PUBLISH OR PERISH
I was once
advised by someone way senior in my field to find ways to put out a minimum of
20 publications per year. 20! After wracking my brain and conferring with some
of my peers, we arrived at the conclusion that the only way this would be
possible for us (as students/early career researchers) is to involve ourselves
in one or more of the following:
1. Tag-along – Beg other authors to let you tag
along as one among the many being listed as authors in their hard work. (I
guess at the temple of academic institutions, we are all akin to beggars in
some shape or form.)
2. Gift authorships – Similar to tag-along, where you
contribute next to nothing to a publication's intellectual and practical workload,
gift authorship is where you are invited to become an author. (But who would
gift us something so special? What would that gift be in exchange for?)
3. Paid authorships – Pay to have your name included as
an author in a paper you know next to nothing about. (Fortune favours the rich
once again! Someone say “Cha-Ching!”)
4. Pressured authorships – I know many seniors in the field
who pressure their juniors into adding their names as authors in publications
where they have no say or involvement whatsoever. What if a senior were to
pressure their juniors or students to include our names as authors? (I wish I’d
made powerful friends like that! Maybe it’s not too late to start networking?)
5. Hired writers – While hiring a writer to polish
and streamline our manuscripts may not be wrong, allowing one to actually write
the entire research without your key involvement or scrutiny IS wrong. (Just think,
using the mathematical skills of permutation and combination over the n number
of variables and observations in our research, how many bogus research papers could
be written just like that!)
6. Slicing – Splitting a single note-worthy
observation, which, if published as an individual paper, would have much more
impact, into two or more smaller publications for the sake of increasing your number
of publications. (I think this one is called SALAMI Publications. Sounds
tasty!)
7. Duplicate publishing – Mooching off of someone else’s
research, done somewhere else, re-writing it to deliver a “Brand New” publication.
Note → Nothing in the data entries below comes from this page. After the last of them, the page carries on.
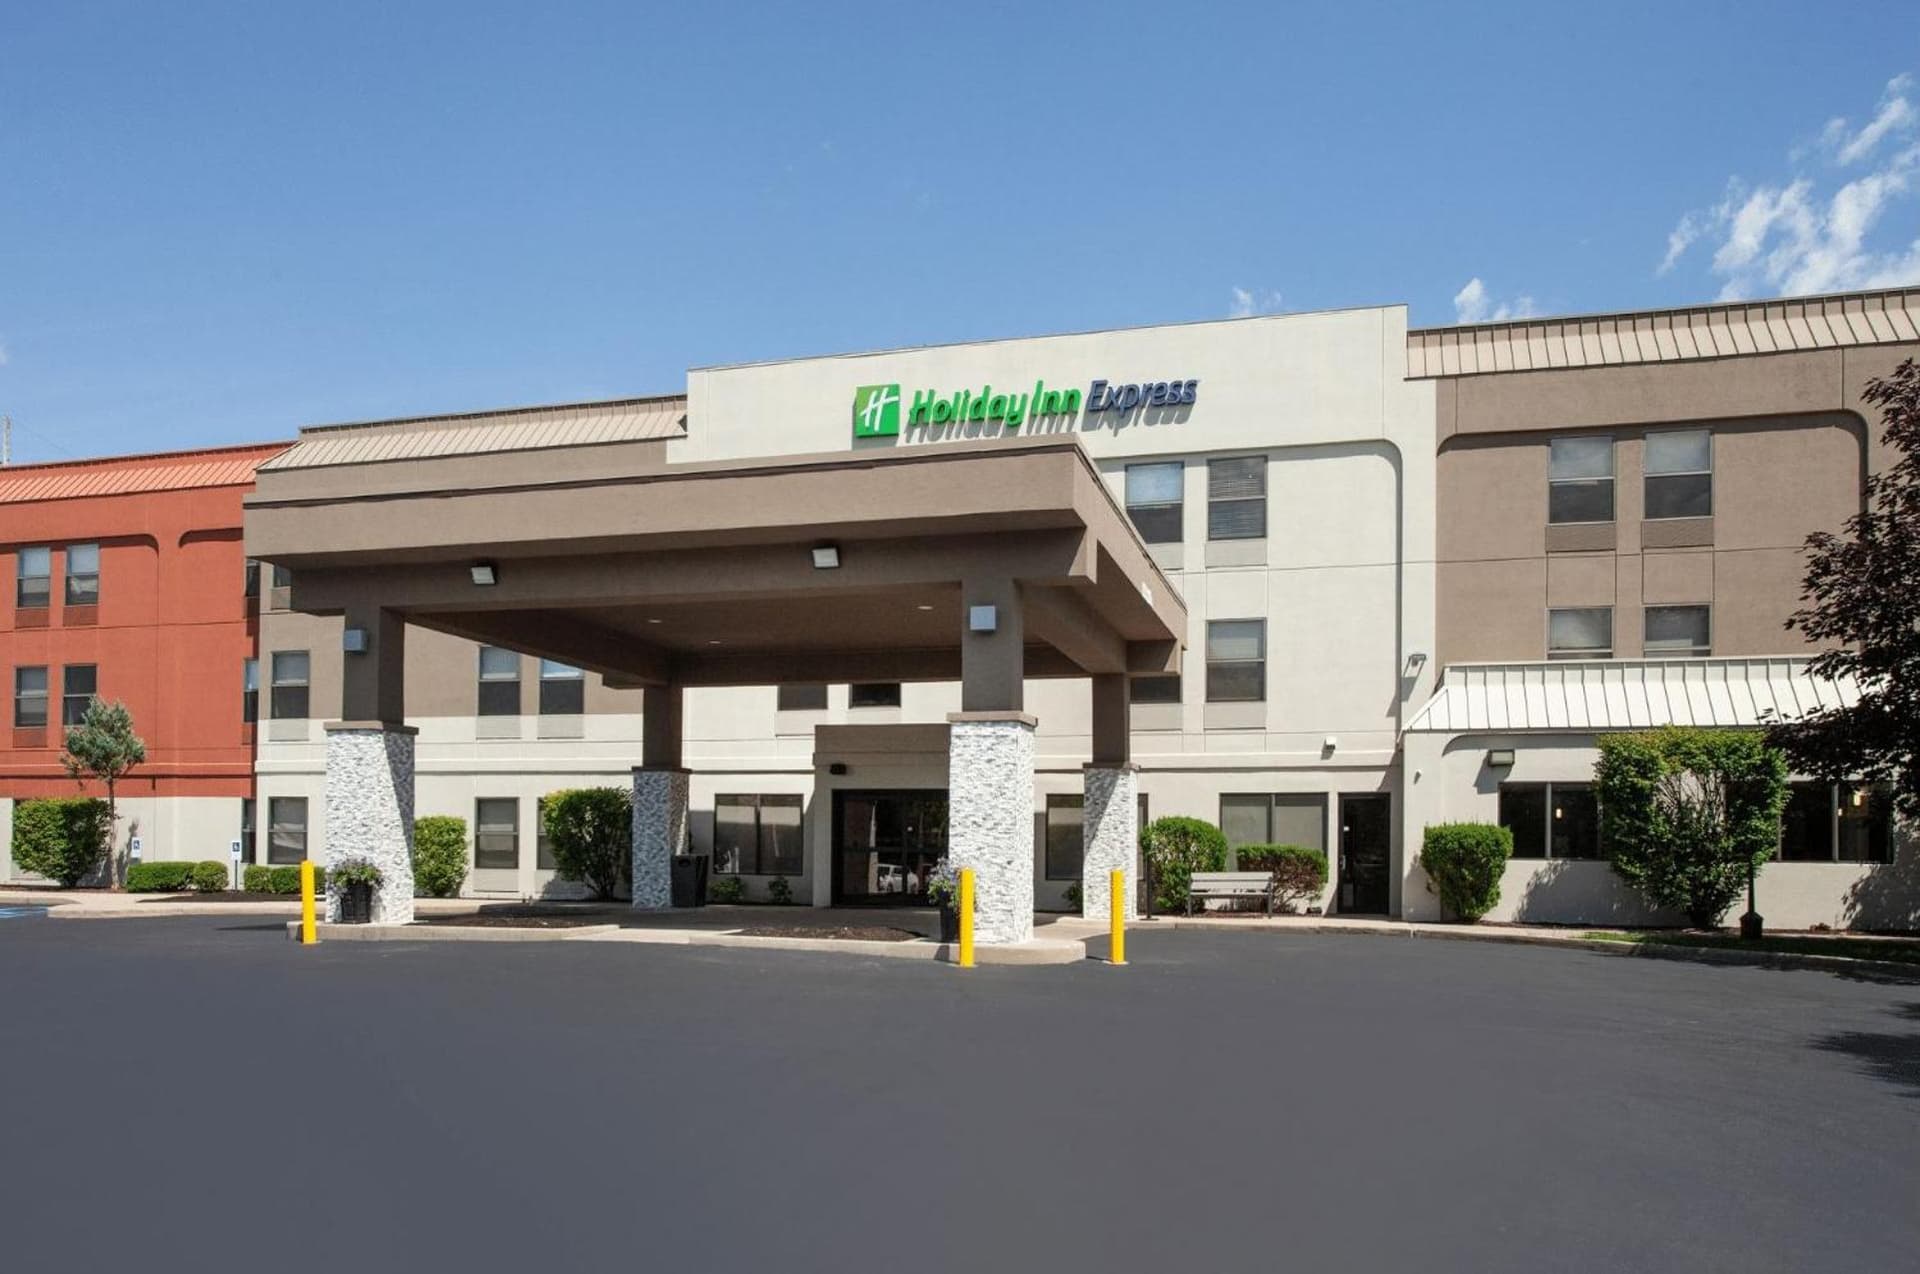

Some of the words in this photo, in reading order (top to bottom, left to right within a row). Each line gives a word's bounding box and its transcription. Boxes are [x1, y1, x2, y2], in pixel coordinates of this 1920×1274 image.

[909, 385, 1028, 426] Holiday
[1031, 380, 1082, 416] Inn
[1087, 379, 1198, 417] Express
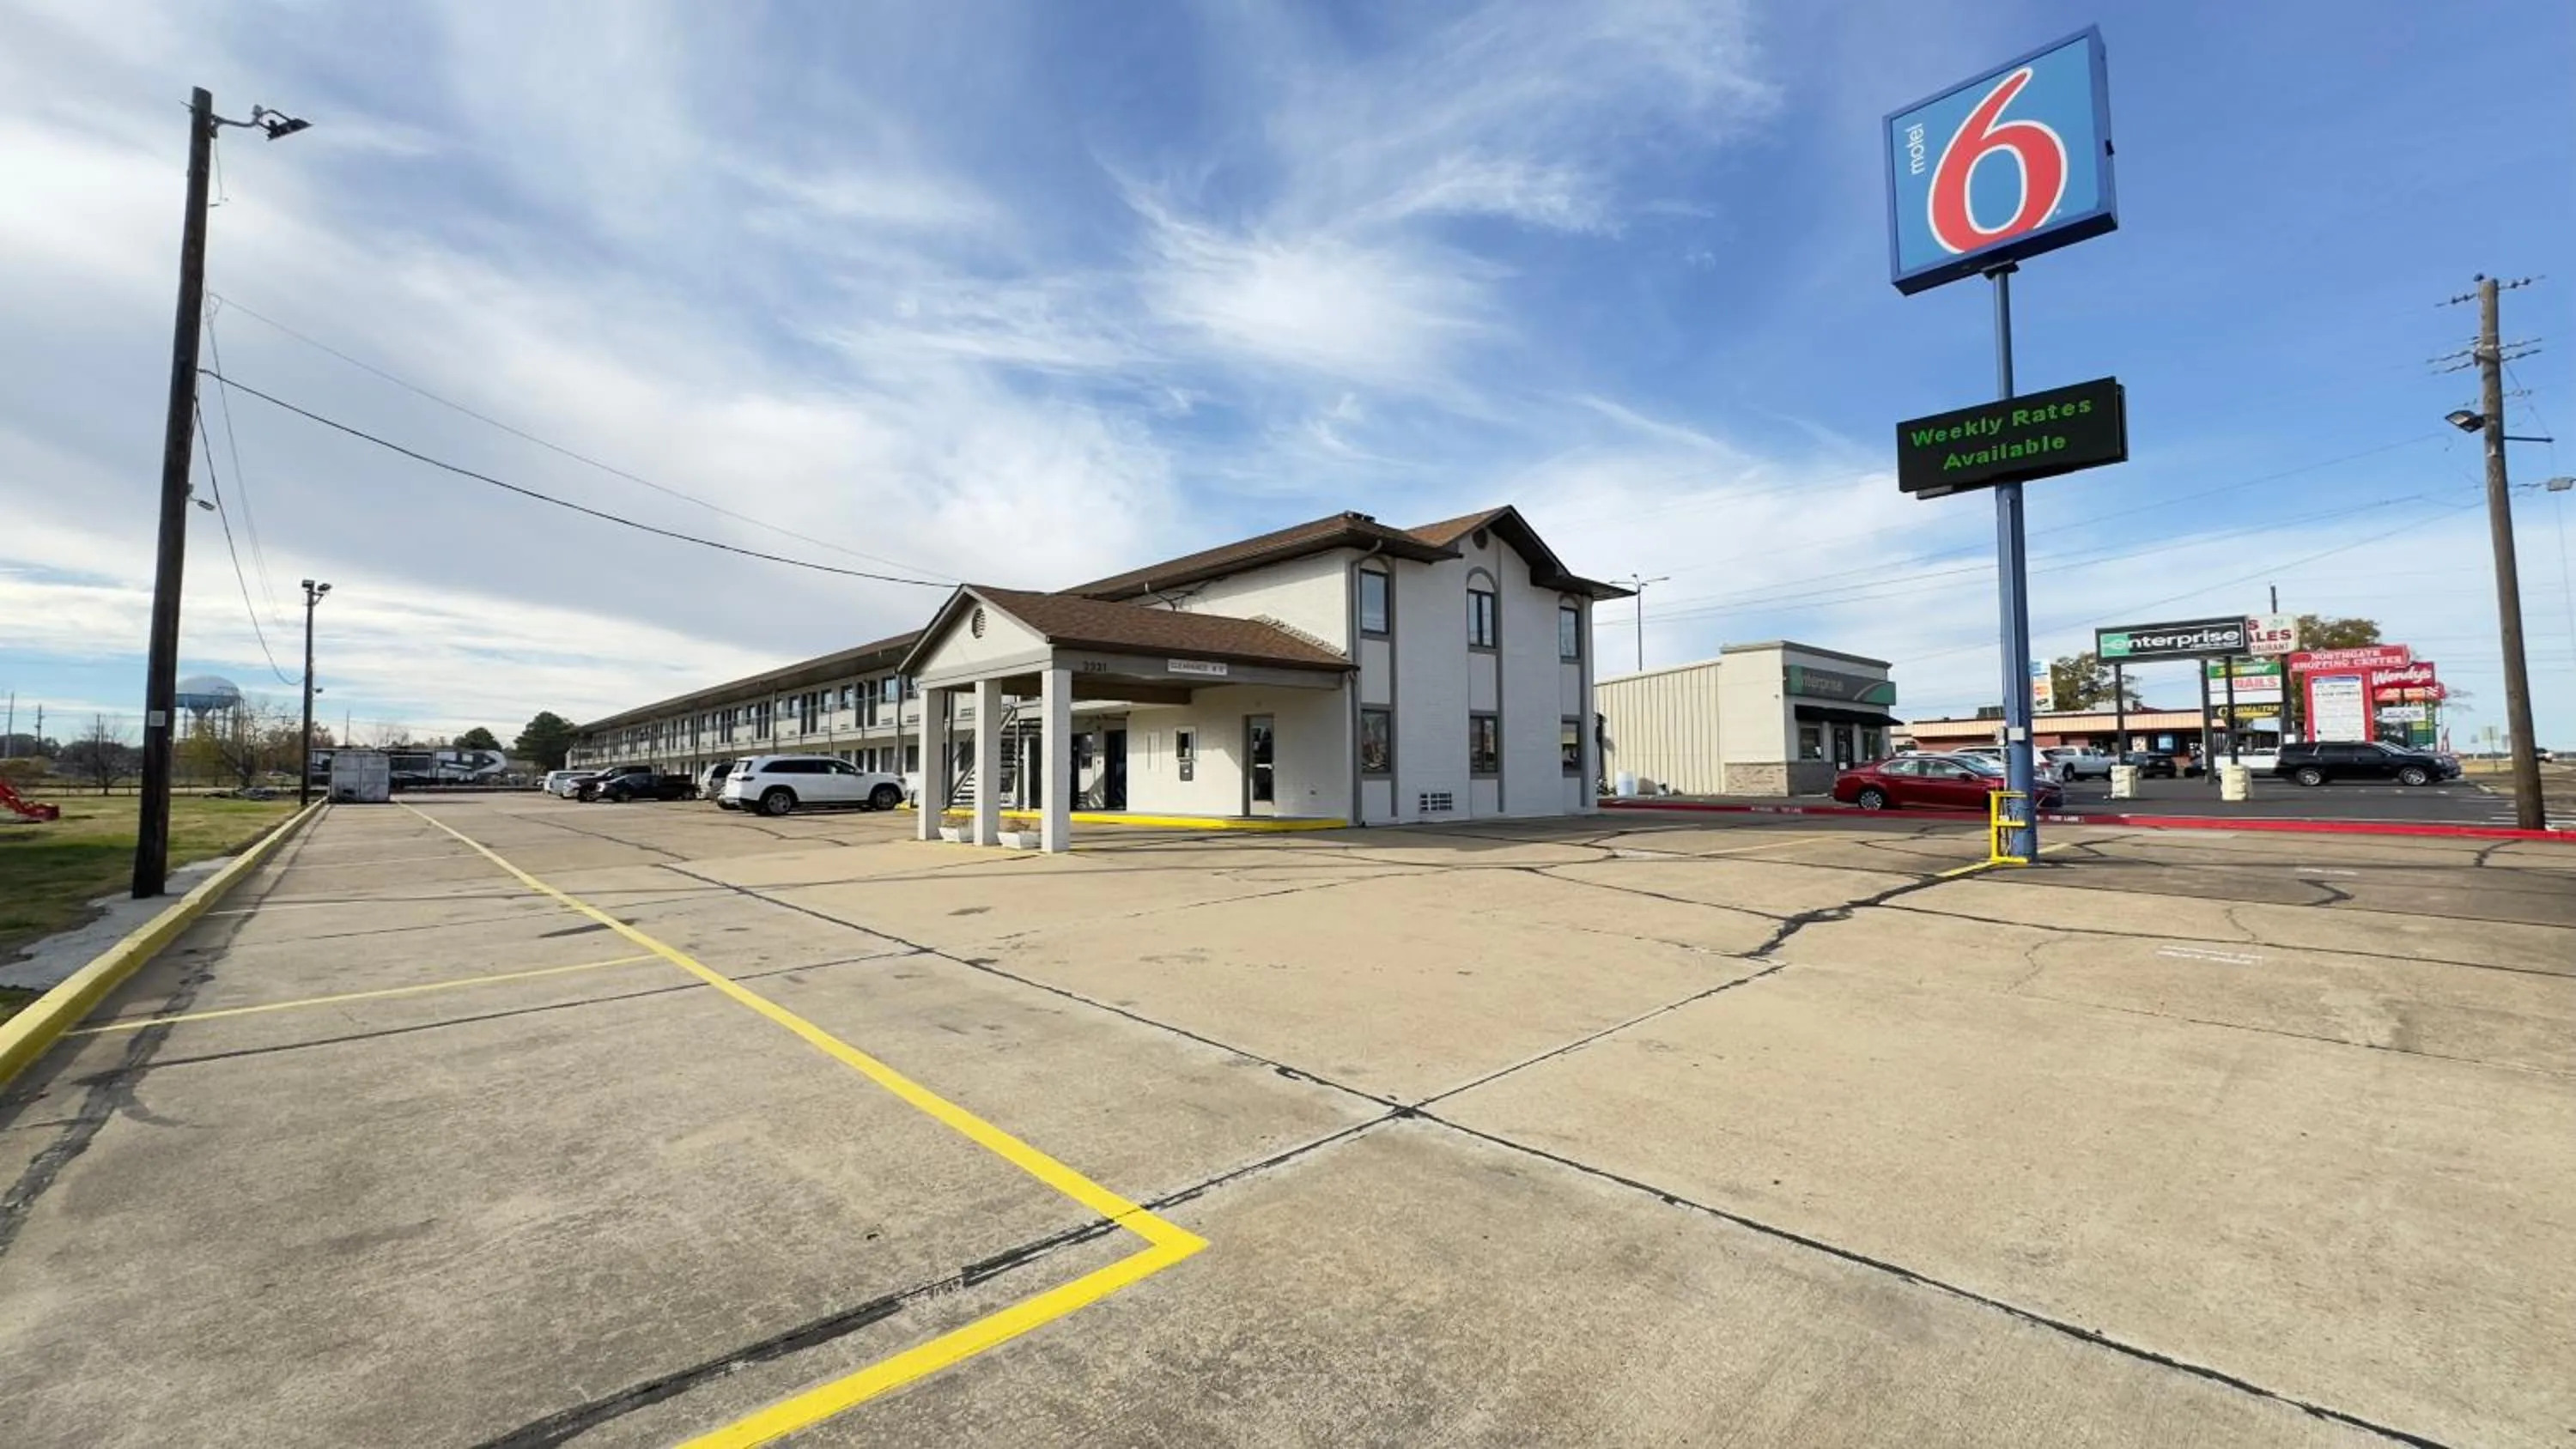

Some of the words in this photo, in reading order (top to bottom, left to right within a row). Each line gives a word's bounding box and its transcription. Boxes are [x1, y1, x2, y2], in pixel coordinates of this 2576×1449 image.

[1905, 123, 1925, 175] motel
[1927, 67, 2068, 254] 6
[1911, 415, 2003, 448] Weekly
[2012, 399, 2093, 427] Rates
[1943, 435, 2068, 470] Available
[2105, 628, 2240, 651] enterprise
[2354, 655, 2403, 666] CENTER
[2372, 665, 2433, 687] Wendy's
(How efficient! No need to waste time doing all that research, eh?)
8. AI-empowered! – Have AI write our publications for
us. (Like the hi-tech variant of hired writers. ChatGPT to the rescue!)
I am sure
there are plenty more ways, but it all boils down to one thing: How willing are
you to compromise on your integrity as a researcher? Maybe one day, I’ll refine
my research and writing skills to such a level that I might end up putting out
200 publications! Who knows?
For now, though,
I’d rather stick to doing my best with the 2 manuscripts I can put out each
year and convert that into GOOD QUALITY publications.